[By Charli Carpenter. Part of the series "Global Challenges in 2030" (Goldstein & Pevehouse), January 2010.]
Forget Johnny Depp. Real-life maritime piracy is no laughing matter. According to the International Maritime Bureau (IMB), 78 vessels were boarded and 39 hijacked worldwide in the first half of 2009—an increase of nearly double from the previous year. Unlike the pirates of yore, today’s sea bandits use satellite technology to track their prey; sneak up alongside ships in speedboats; are armed with machine guns, rocket launchers, and grenades; and board vessels with grappling irons. Once aboard, pirates plunder or ransom cargo and terrorize crews.
All kinds of ships—yachts, freighters, cruise ships, supertankers—fall victim to attack. In 2008, a Ukrainian cargo ship laden with Russian tanks, ammunition, and other military equipment was captured by pirates and later ransomed for $3.2 million. Humanitarian shipments to famine-ravaged lands are favorite targets off the Horn of Africa, meaning piracy is not just bad news for maritime crews and arms merchants but also for hungry civilians—not to mention the entire system of international trade, since 90 percent of what consumers use travels by water. And there are significant concerns about the connections between piracy and international terrorism.
Commentators have different views as to what drives this problem: grinding poverty that makes piracy look like easy money, technological changes that make it easy for non-state actors to take on states and corporations, the collapse of state governance in many parts of the world. But an important contributing factor is the simple lack of global coordination to address the problem. States are responsible for policing their coastlines, but much piracy occurs on the high seas—outside of any one state’s jurisdiction. Because the oceans are a radically transnational, ungoverned space, no one state has the power or authority to quell piracy on its own.

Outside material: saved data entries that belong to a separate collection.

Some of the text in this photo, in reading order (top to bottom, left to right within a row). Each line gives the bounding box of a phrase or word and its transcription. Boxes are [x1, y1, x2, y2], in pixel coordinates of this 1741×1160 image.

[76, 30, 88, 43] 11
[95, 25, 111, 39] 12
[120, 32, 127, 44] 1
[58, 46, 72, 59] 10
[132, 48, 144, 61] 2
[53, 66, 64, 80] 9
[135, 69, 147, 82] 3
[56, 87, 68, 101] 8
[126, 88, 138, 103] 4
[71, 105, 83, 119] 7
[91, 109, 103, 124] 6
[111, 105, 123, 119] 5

Governments acting in concert in specific contexts have shown that maritime piracy can be controlled. Four years ago, the Straits of Malacca were the most dangerous shipping lanes in the world. Then a coordination regime between Indonesia, Malaysia, and Singapore reduced piracy markedly. But piracy hotspots move. At the same time that piracy declined in South Asia, it spiked off the Horn of Africa as marauders sought a more lawless region to ply their
trade. A coalition of 45 nations is now policing East Africa. But Somalia is not the only hotspot today: piracy remains a problem in South Asia and off the
coast of Nigeria.
Ultimately, as with other global problems, a global response is required. Unfortunately, no international organization exists whose responsibility is to protect shipping lanes globally or punish offenders once caught. The UN has no global police force, and was primarily designed to prevent territorial aggression among middle powers, not solve transnational security threats. In fact, the UN Charter is part of the problem: ships on the high seas cannot legally pursue pirate boats into the territorial waters of sovereign countries. On a case-by-case basis, the UN Security Council can authorize exceptions to this rule, but this approach has not worked well in Somalia, partly because governments also need to be required to do the actual policing. And Security Council resolutions regarding Somalia cannot be transplanted to other contexts.

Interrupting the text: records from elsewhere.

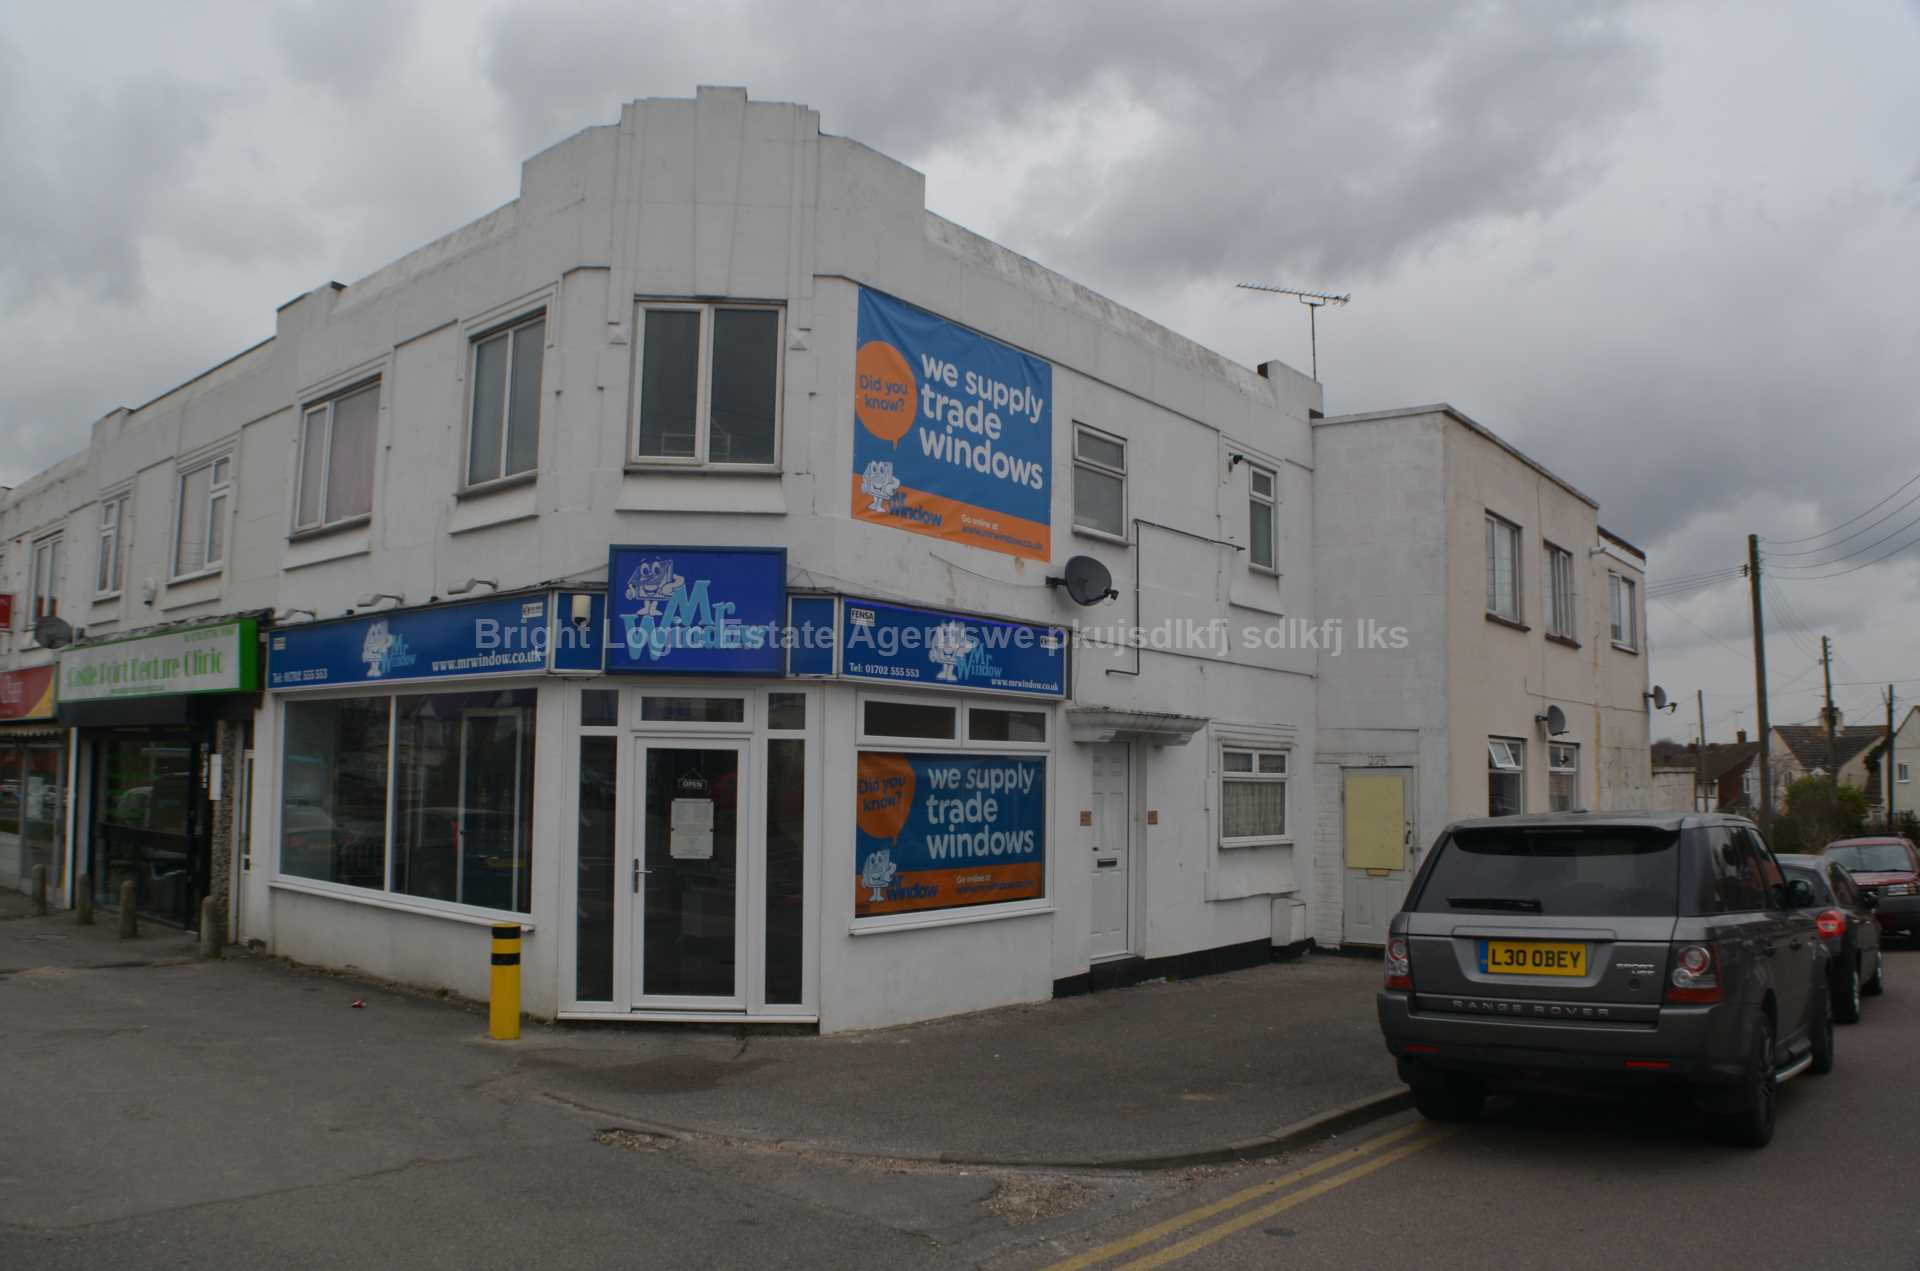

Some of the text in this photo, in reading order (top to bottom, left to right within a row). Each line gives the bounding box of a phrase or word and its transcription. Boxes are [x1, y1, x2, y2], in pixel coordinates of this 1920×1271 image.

[859, 374, 908, 400] Did you
[921, 353, 1043, 424] we supply
[864, 394, 905, 412] know?
[921, 382, 1002, 440] trade
[919, 425, 1043, 491] windows
[660, 579, 736, 626] Mr
[851, 609, 875, 621] FENSA
[183, 648, 224, 676] Clinic
[432, 648, 542, 672] www.mrwindow.co.uk
[968, 641, 993, 666] Mr
[849, 662, 920, 680] Tel: 01702 555 553
[955, 655, 1003, 681] Window
[682, 780, 704, 789] OPEN
[927, 762, 1036, 795] we supply
[926, 791, 999, 825] trade
[926, 824, 1035, 860] windows
[1491, 948, 1527, 966] L30
[1451, 999, 1609, 1017] RANGE ROVER

The international community is also missing global rules about how to punish or deter piracy. As a crime of universal jurisdiction, piracy on the high seas is in theory punishable by any state that captures a pirate. But such trials are rare: no country wants to set a precedent for trying pirates in domestic courts, and be faced with a backlog from others bringing their own captured pirates to its jurisdiction. The International Criminal Court offers a potential venue for trying and punishing pirates, but at present its jurisdiction includes only the other universal jurisdiction crimes—genocide, crimes against humanity, and war crimes.
Given this political and legal vacuum, shippers are fending for themselves these days with acoustic weapons and private security personnel, in some cases arming merchant crews in their own self-defense. But these remain band-aid solutions—and they create additional risks to human life and maritime security. Ultimately, action at the global level is necessary to protect shipping lanes and empower legitimate international actors to stamp out piracy.

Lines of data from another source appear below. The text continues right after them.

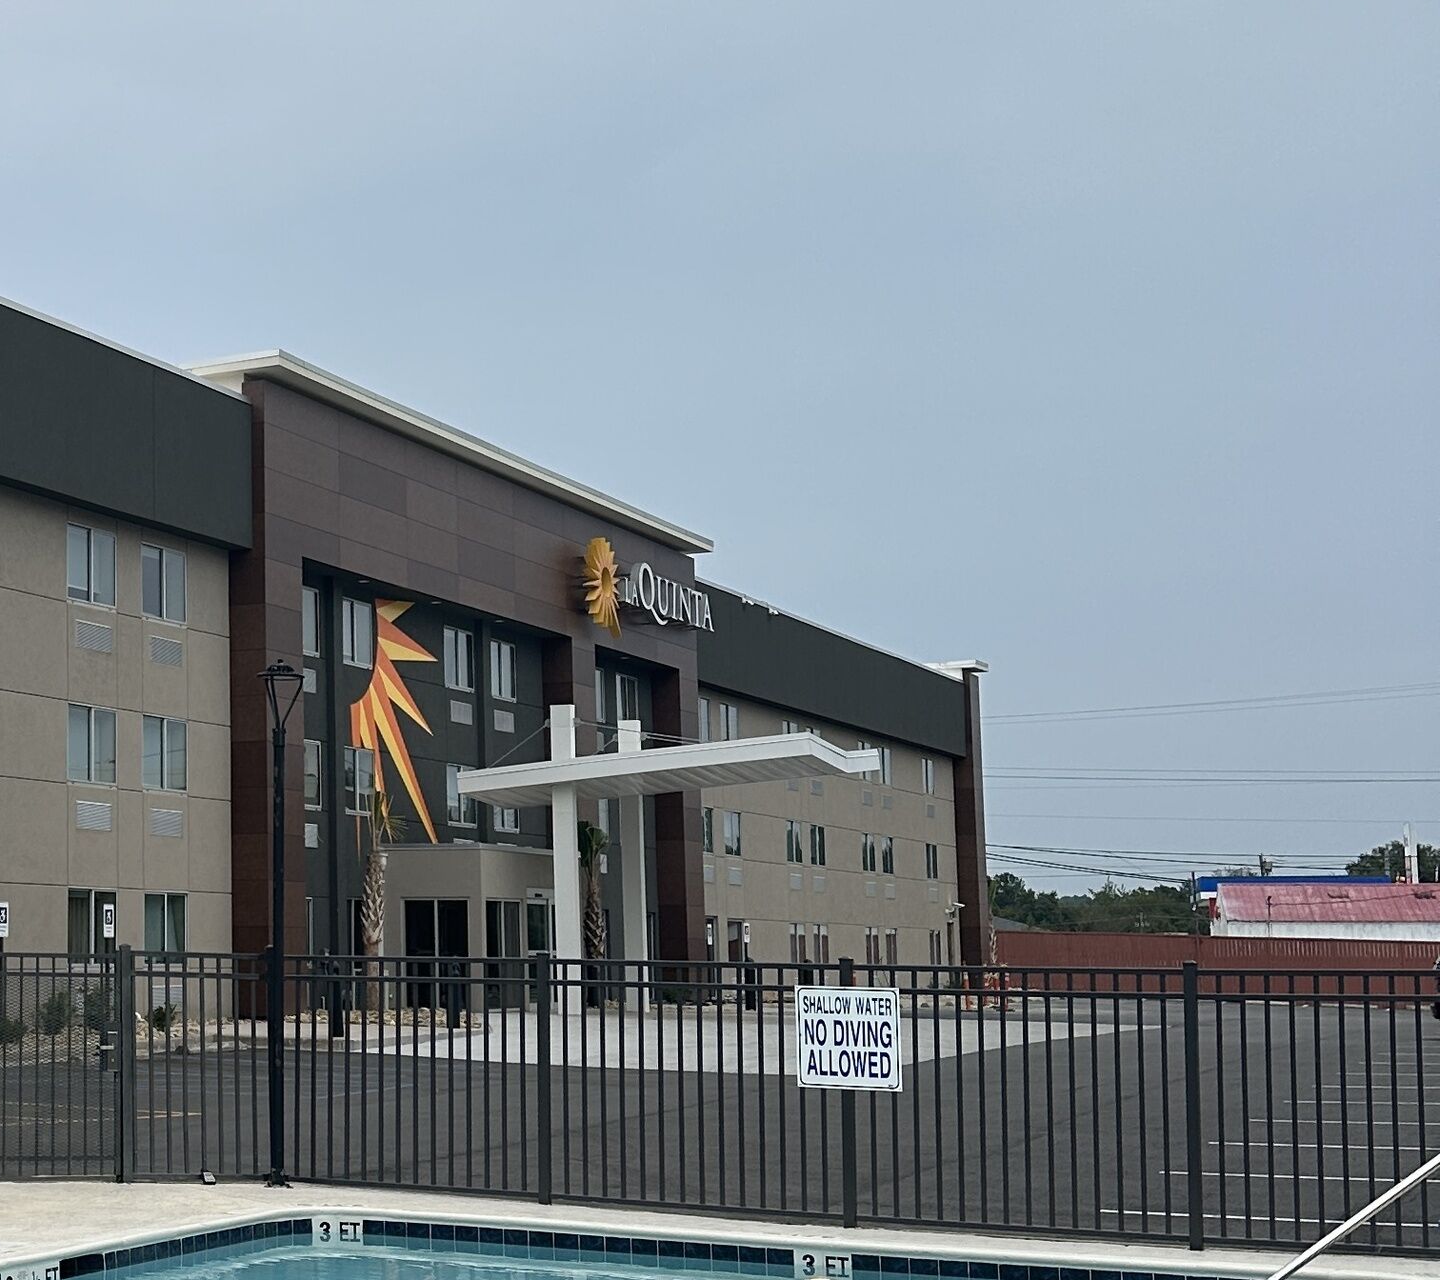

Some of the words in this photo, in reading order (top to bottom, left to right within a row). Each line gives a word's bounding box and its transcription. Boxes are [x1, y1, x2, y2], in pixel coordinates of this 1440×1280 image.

[625, 577, 639, 607] LA
[638, 563, 715, 633] QUINTA
[802, 995, 851, 1015] SHALLOW
[855, 997, 892, 1016] WATER
[804, 1018, 827, 1046] NO
[833, 1020, 892, 1049] DIVING
[807, 1049, 892, 1079] ALLOWED

International institutions have been created to solve other global problems: nuclear proliferation, ozone depletion, pandemic disease. What might a “regime” for combating piracy look like? Whatever the means chosen, governments will need to seriously rethink the governance of the ocean over the next two decades if they are to stem the rising tide of high seas brigandry.
CHARLI CARPENTER teaches international relations at the University of Massachusetts-Amherst, and blogs about war law and human security issues at Duck of Minerva and Current Intelligence. She is the author of Innocent Women and Children: Gender, Norms and the Protection of Civilians (Ashgate Publishing, 2006).